### YOUR GOAL
Your answer must be an exact copy of the entries below, with no pictures in it.

### Text-to-region grounding data
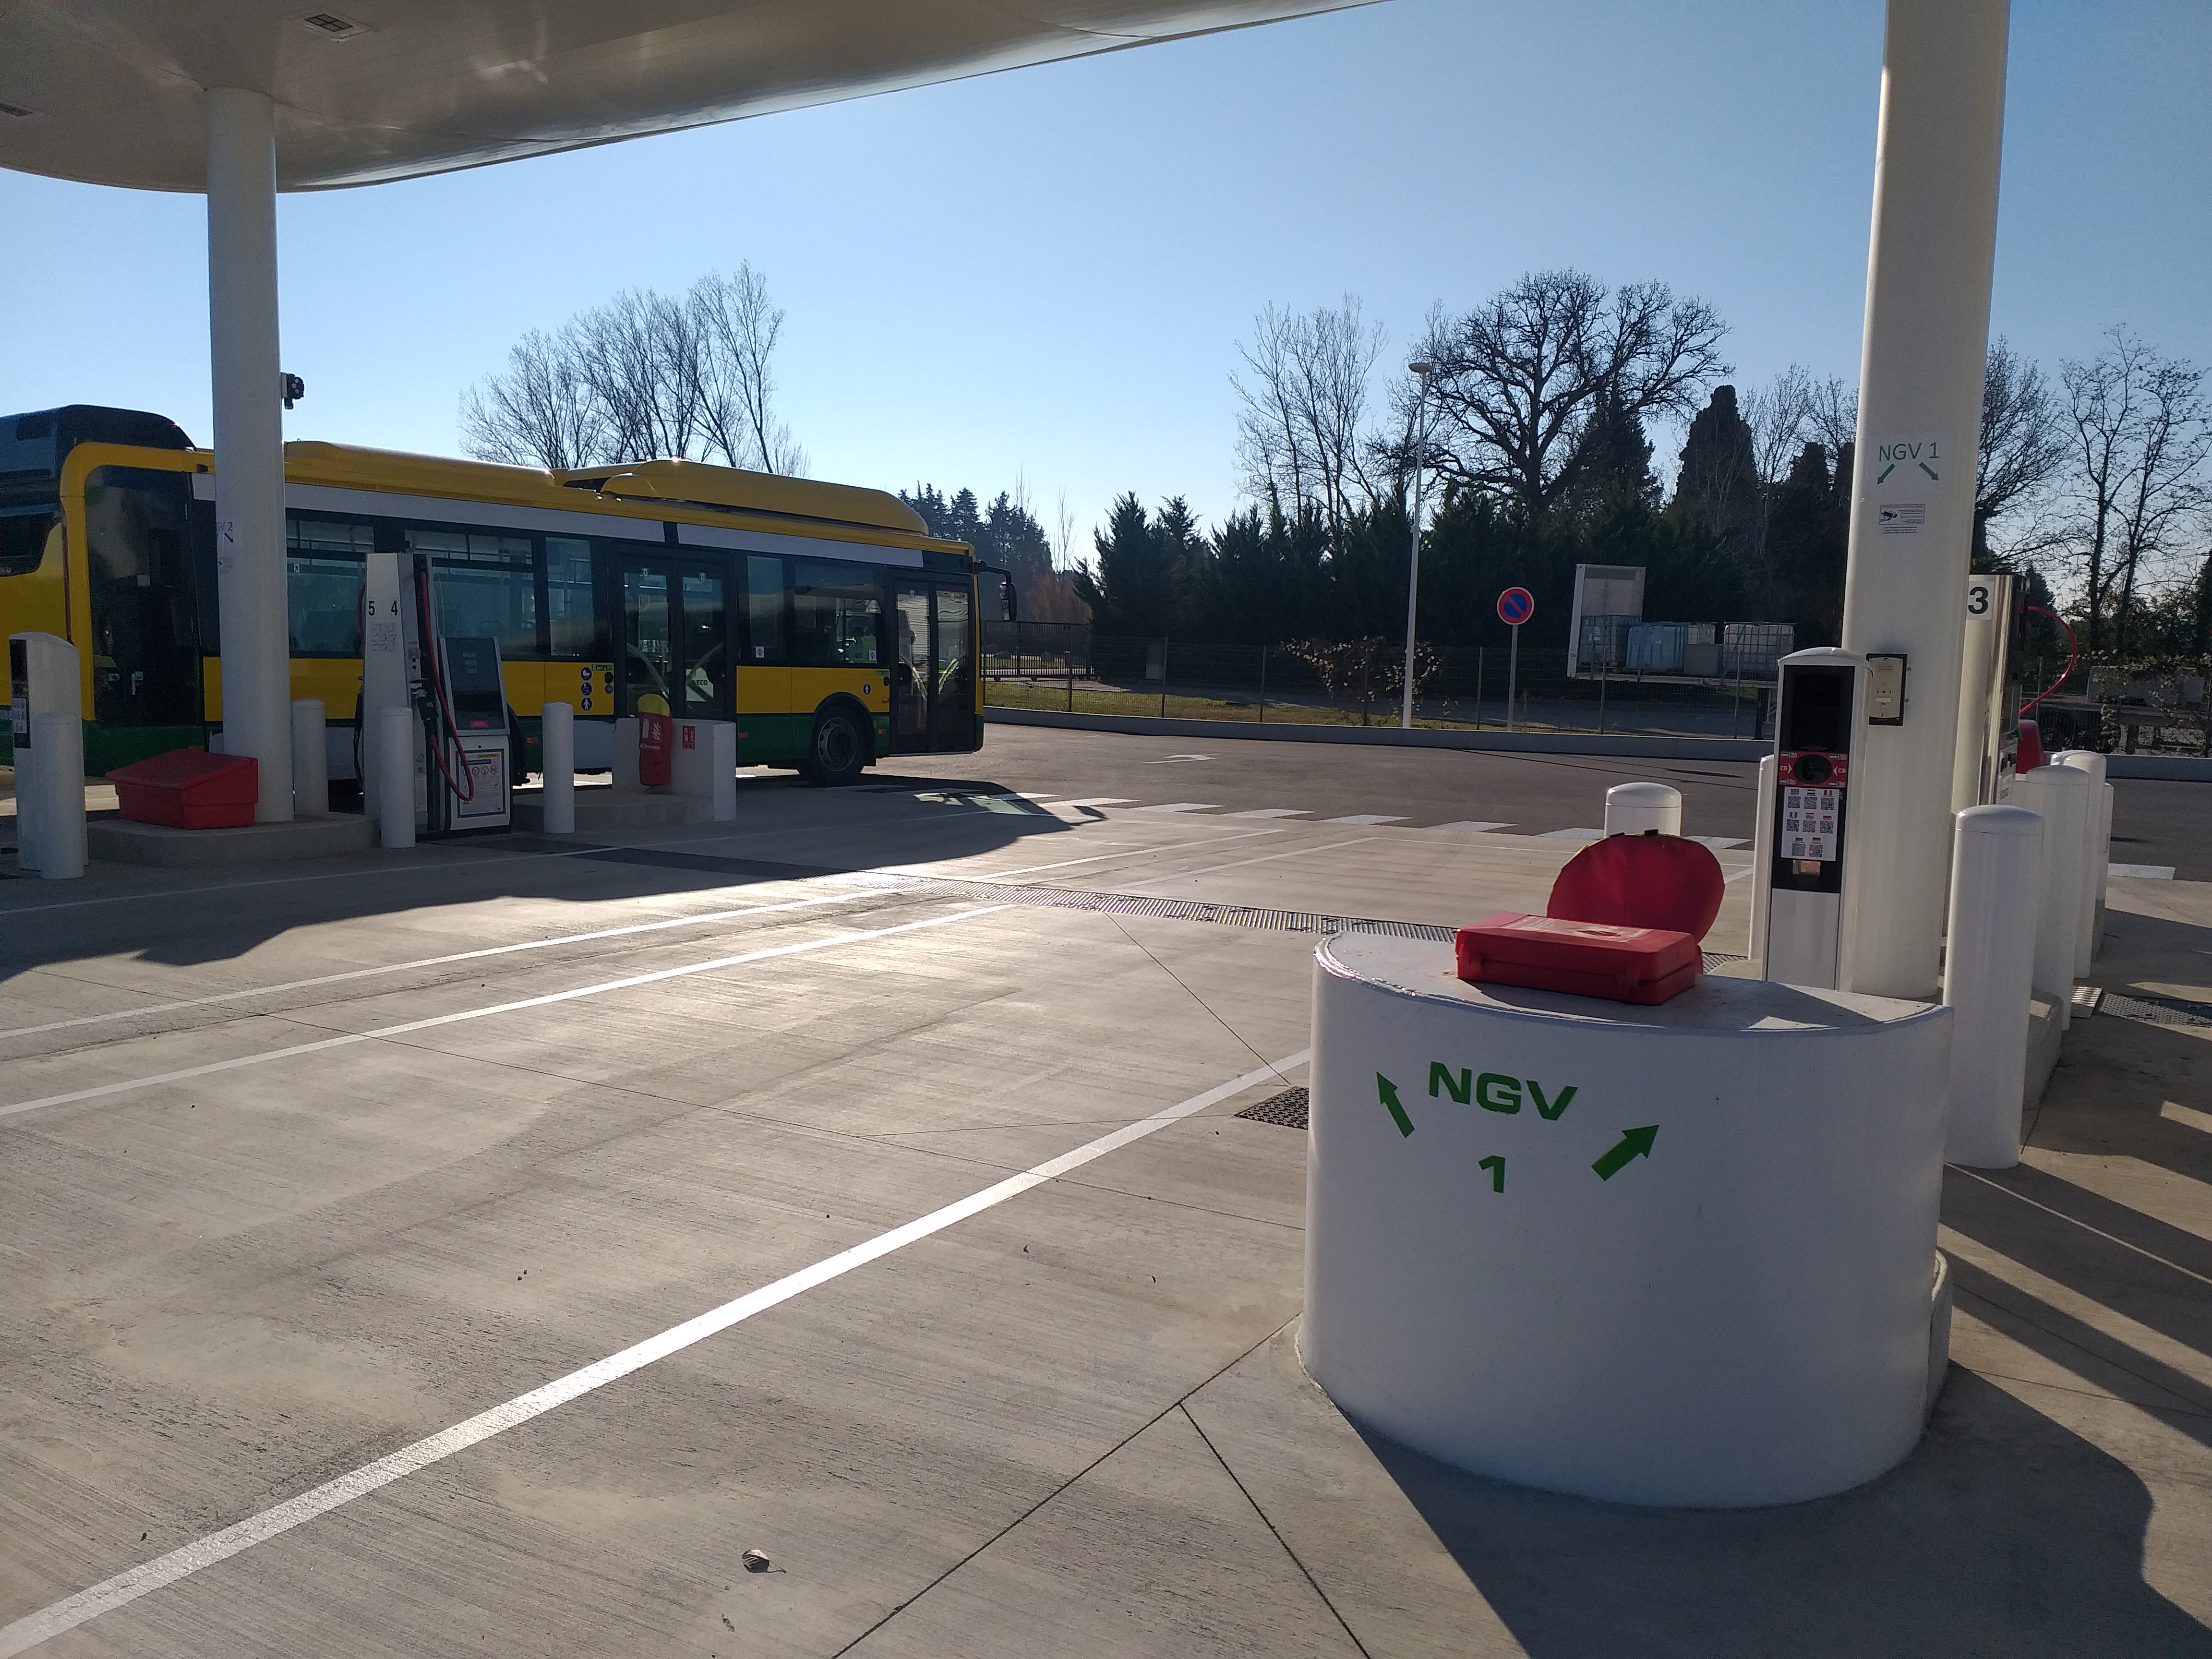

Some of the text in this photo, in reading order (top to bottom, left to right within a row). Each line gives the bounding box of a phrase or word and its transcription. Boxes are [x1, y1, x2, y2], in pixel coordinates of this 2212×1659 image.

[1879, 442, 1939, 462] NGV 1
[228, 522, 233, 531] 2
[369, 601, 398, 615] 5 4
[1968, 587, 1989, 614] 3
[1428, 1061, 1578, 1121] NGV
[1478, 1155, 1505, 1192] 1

### EXPECTED OUTPUT
Some of the text in this photo, in reading order (top to bottom, left to right within a row). Each line gives the bounding box of a phrase or word and its transcription. Boxes are [x1, y1, x2, y2], in pixel coordinates of this 2212×1659 image.

[1879, 442, 1939, 462] NGV 1
[228, 522, 233, 531] 2
[369, 601, 398, 615] 5 4
[1968, 587, 1989, 614] 3
[1428, 1061, 1578, 1121] NGV
[1478, 1155, 1505, 1192] 1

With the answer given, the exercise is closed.